== Activity ==
Word for word, copy the records and drop the pictures.
+---+
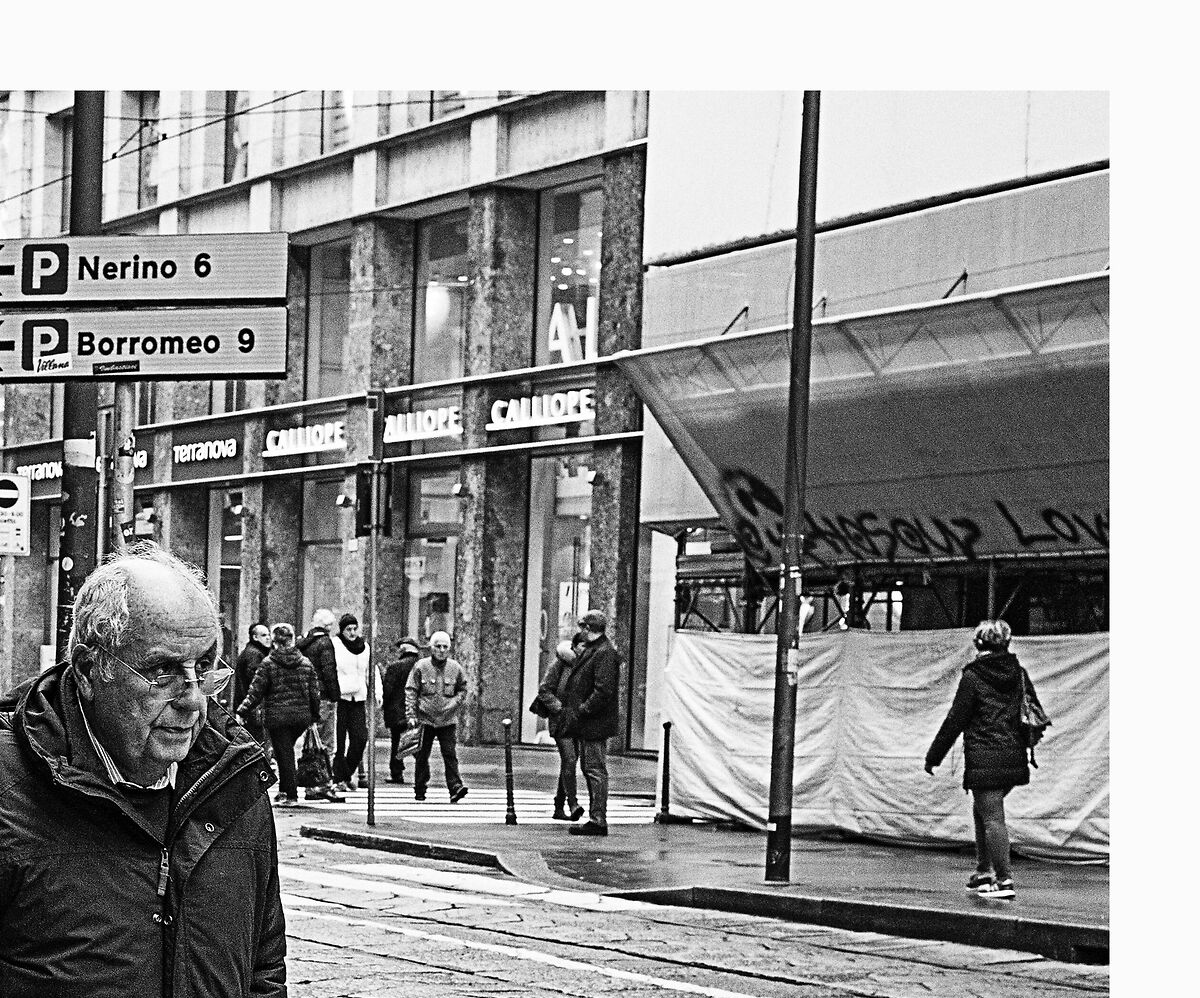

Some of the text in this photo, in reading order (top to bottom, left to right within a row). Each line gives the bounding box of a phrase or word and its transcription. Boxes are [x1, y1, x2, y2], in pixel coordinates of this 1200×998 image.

[78, 254, 178, 281] Nerino
[194, 252, 212, 278] 6
[77, 330, 221, 356] Borromeo
[237, 327, 255, 354] 9
[384, 406, 464, 440] ALLIOPE
[490, 389, 596, 426] CALLIOPE
[265, 421, 347, 453] CALLIOPE
+---+
== Result ==
Some of the text in this photo, in reading order (top to bottom, left to right within a row). Each line gives the bounding box of a phrase or word and its transcription. Boxes are [x1, y1, x2, y2], in pixel coordinates of this 1200×998 image.

[78, 254, 178, 281] Nerino
[194, 252, 212, 278] 6
[77, 330, 221, 356] Borromeo
[237, 327, 255, 354] 9
[384, 406, 464, 440] ALLIOPE
[490, 389, 596, 426] CALLIOPE
[265, 421, 347, 453] CALLIOPE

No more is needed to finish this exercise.